Elizabeth Mehren is a professor of journalism at Boston University. Before joining the BU faculty, Mehren was a national correspondent for the Los Angeles Times. During more than 25 years at the paper, she was based in Los Angeles, Washington, New York and New England. She covered presidential, gubernatorial and congressional campaigns from 1980 to 2006, as well as major breaking news events such as Hurricane Katrina, 9/11, the Station Night Club fire in Rhode Island, the Worcester, Mass., warehouse fire that killed seven firefighters, and the Los Angeles riots of 1992, for which the newspaper won a Pulitzer Prize. Mehren, a former fellow at the Casey Journalism Center for Children and Families at the University of Maryland, also served as scholar-in-residence at the Grady College of Journalism and Mass Communication at the University of Georgia.

Benjamin Ortiz is an assistant professor of journalism at Harry Truman College, Chicago. Ortiz attended Loyola University Chicago, where he earned an honors degree in the study of English Literature and Philosophy. After graduate study at Stanford University, he worked as a journalist, performance poet, and non-profit arts organizer in San Antonio and Chicago. Benjamin currently teaches full-time at Truman College. His areas of focus include composition, creative writing, journalism, and literature. An active journalist, Benjamin writes for the Chicago Tribune and Café Latino Lifestyle Magazine, regularly contributing articles on music, the arts, and culture. He also has participated in a professors’ radio discussion and performed a news round-up on VOCALO Chicago public radio (89.5 FM).

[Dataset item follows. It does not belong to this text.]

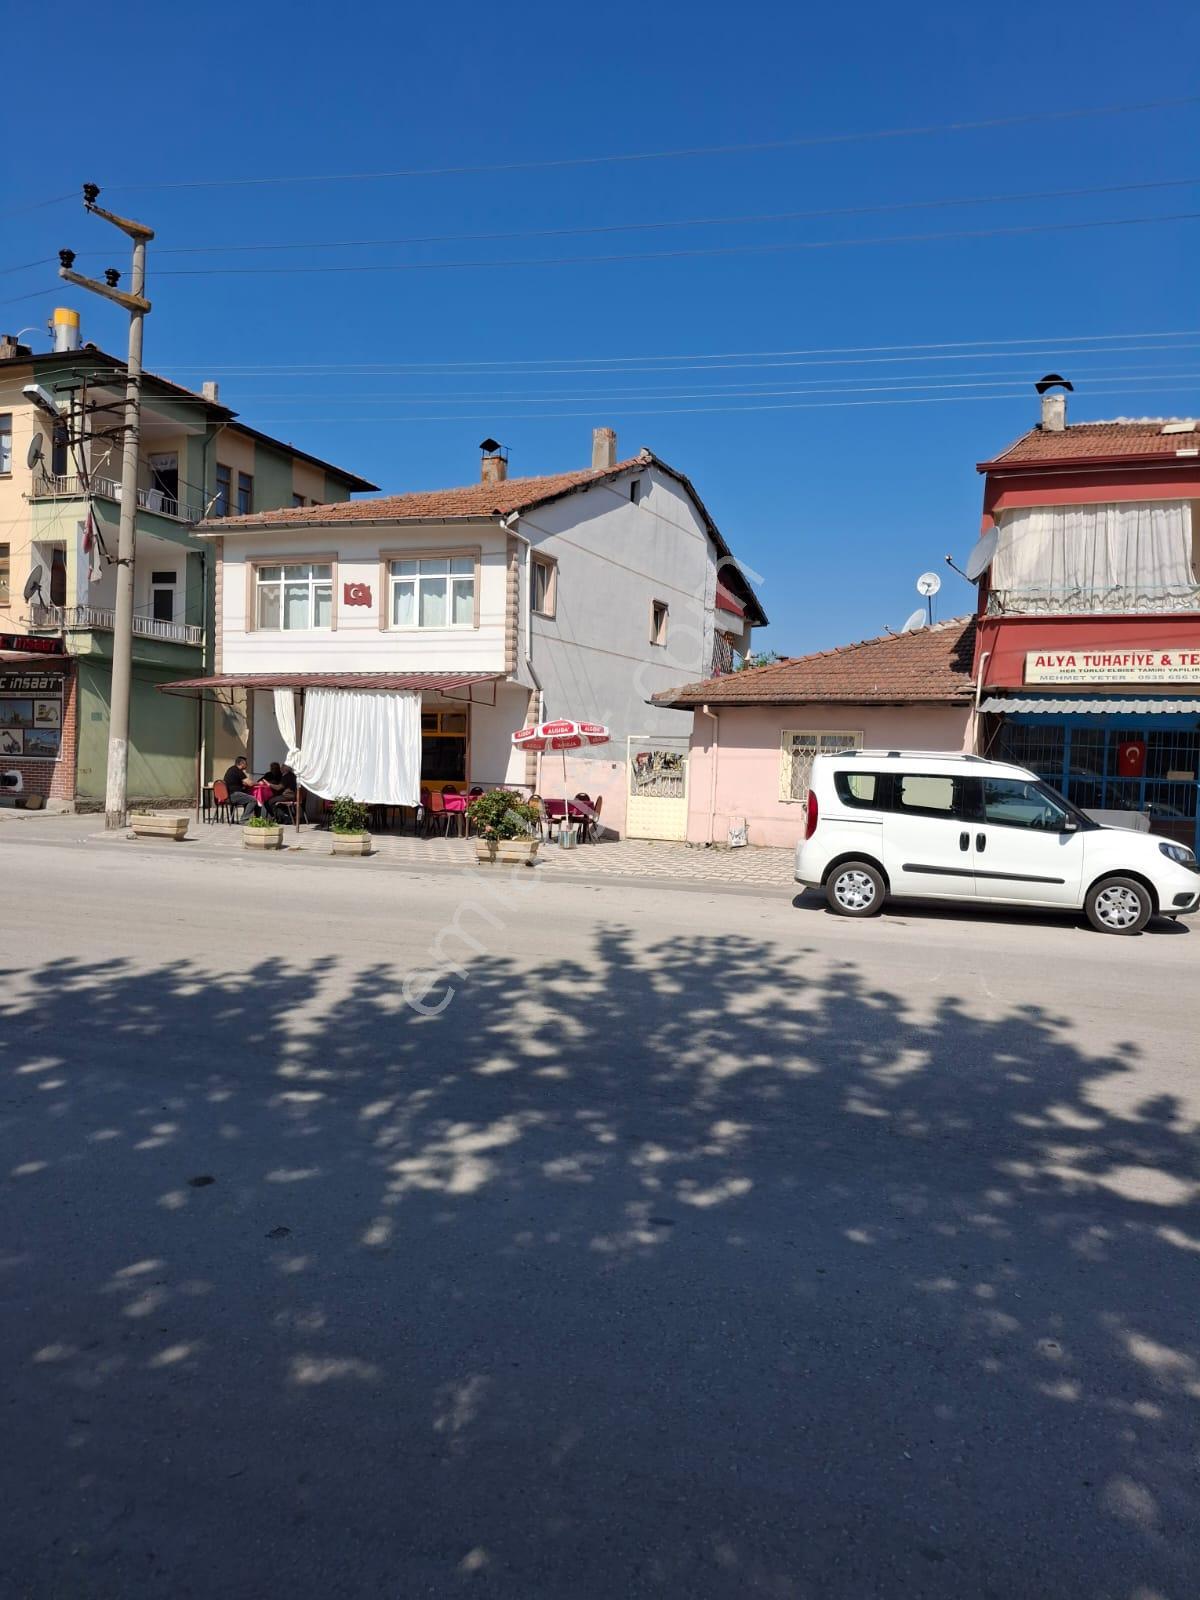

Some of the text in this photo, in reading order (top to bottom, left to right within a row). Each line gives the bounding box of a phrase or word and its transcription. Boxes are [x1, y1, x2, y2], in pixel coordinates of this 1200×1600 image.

[1035, 652, 1200, 667] ALYA TUHAFİYE & TE

Ian Richards is a professor of journalism at the University of South Australia in Adelaide, Australia. His research interests include journalism and media ethics, an area in which he has published widely. He is editor of Australian Journalism Review, Australia's leading journal in the academic field of journalism, and chairs his university’s human research ethics committee. A former newspaper journalist, his experience extends from general reporting to leader-writing and covering Australian indigenous affairs for a metropolitan daily newspaper.

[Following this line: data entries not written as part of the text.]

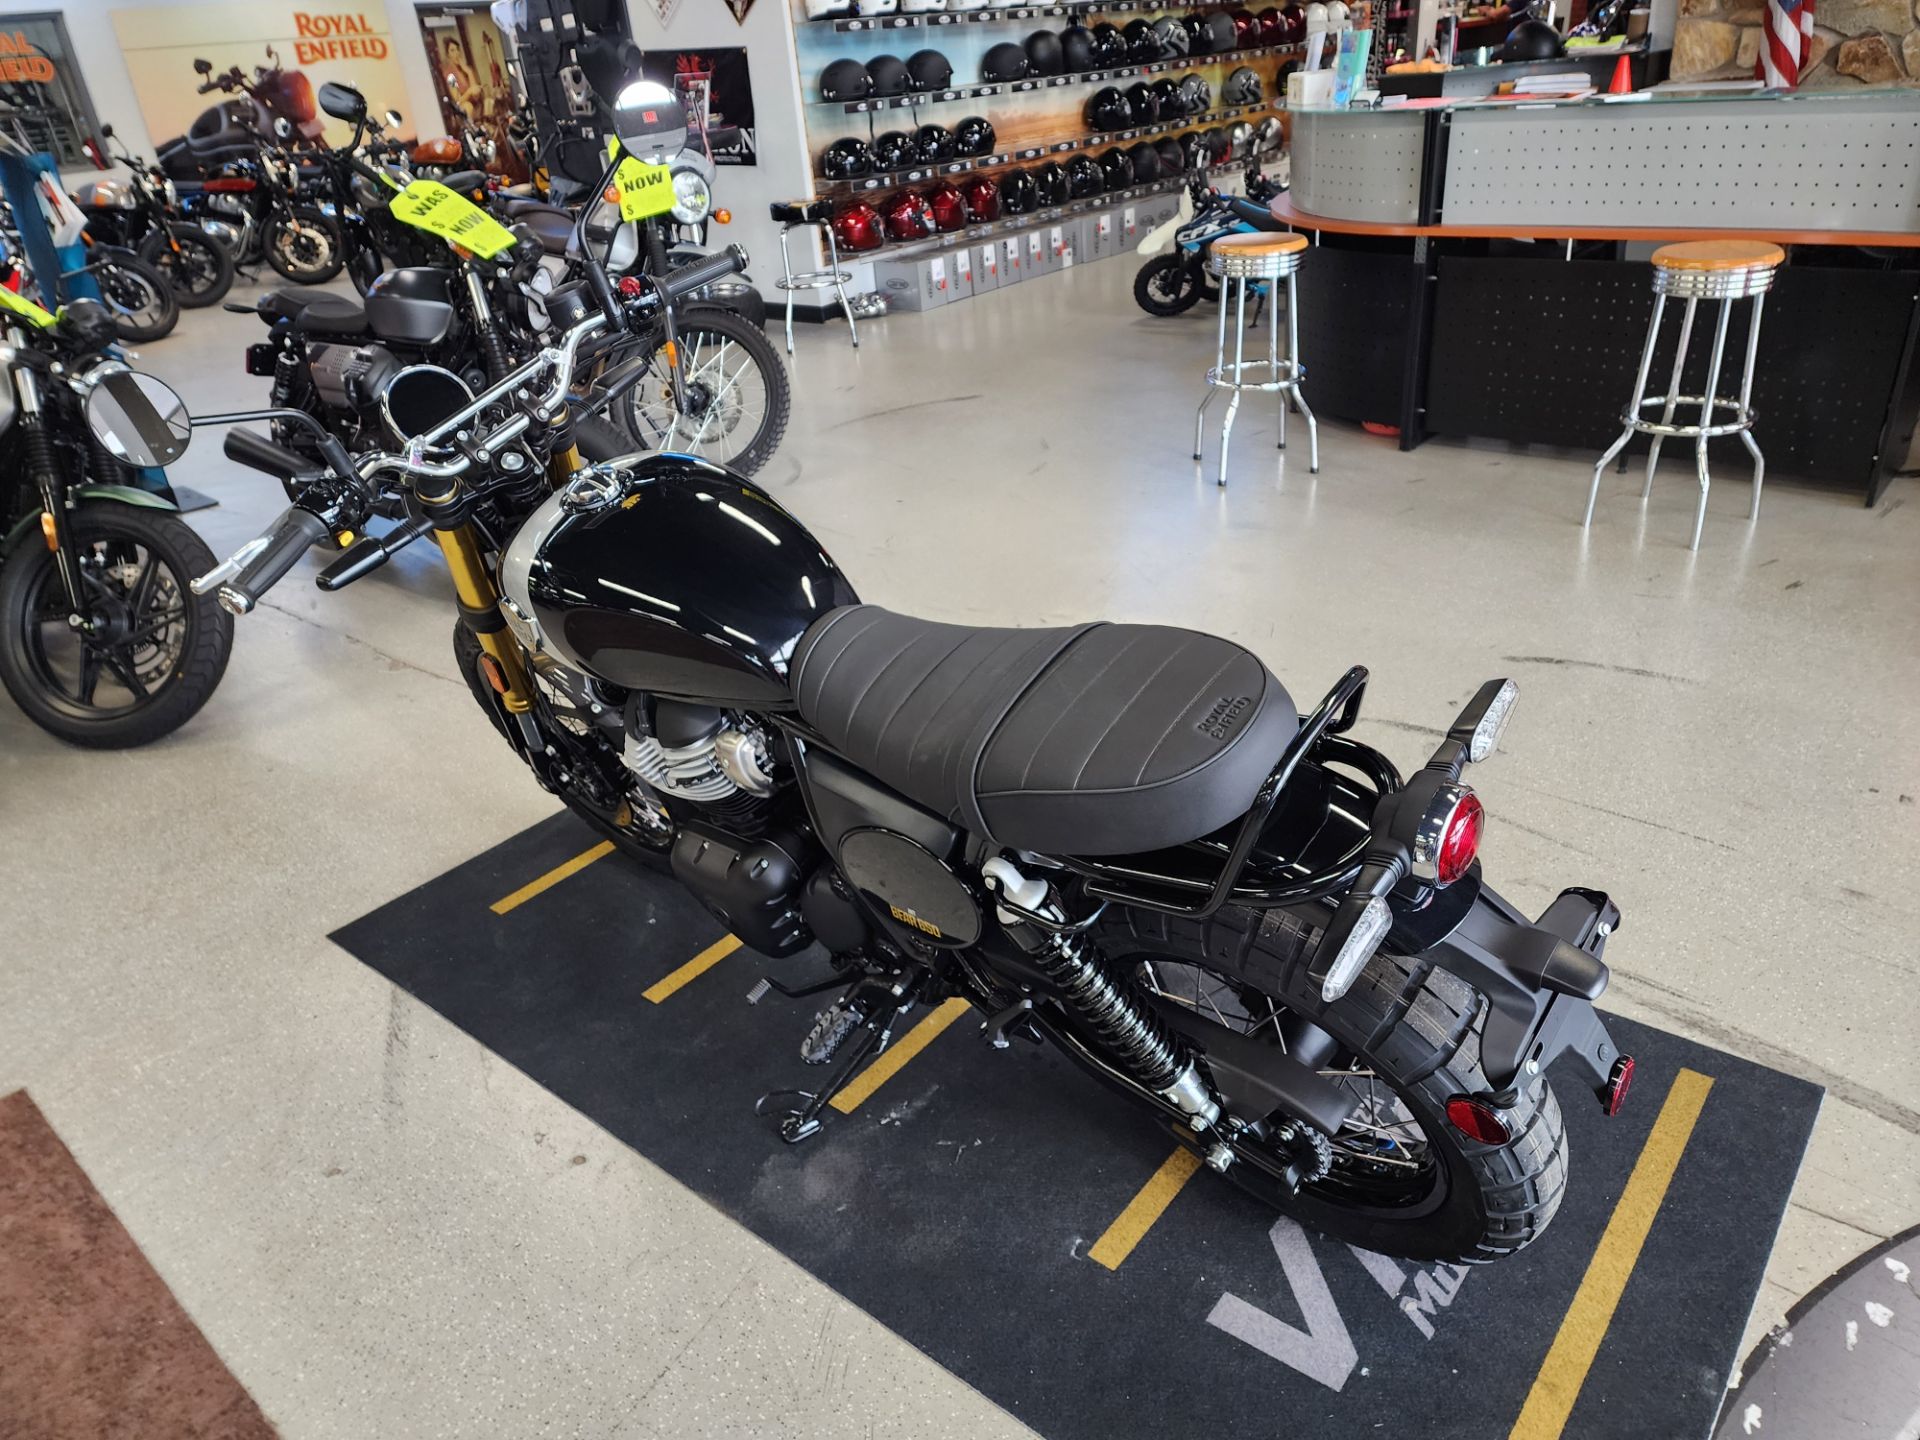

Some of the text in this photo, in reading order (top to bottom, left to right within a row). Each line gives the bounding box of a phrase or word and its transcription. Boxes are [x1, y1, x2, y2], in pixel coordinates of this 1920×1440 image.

[293, 12, 373, 38] ROYAL
[294, 38, 388, 65] ENFIELD
[623, 171, 663, 193] NOW
[410, 189, 449, 217] WAS
[449, 211, 485, 236] NOW
[1197, 697, 1235, 732] ROYAL

Dan Williams is an assistant professor of journalism at Lyndon State College in Lyndonville, Vermont, where he created an innovative trauma training scenario. Williams entered teaching after a quarter century in print and broadcast news. He began his journalism career as a reporter for the Examiner-Enterprise in Bartlesville, Oklahoma, and subsequently worked for United Press International, Radio Free Europe-Radio Liberty, and CNN. He graduated from Kansas State University with a bachelor’s degree in journalism and received an M.A. from Ohio State University’s Kiplinger Program in Public Affairs Reporting.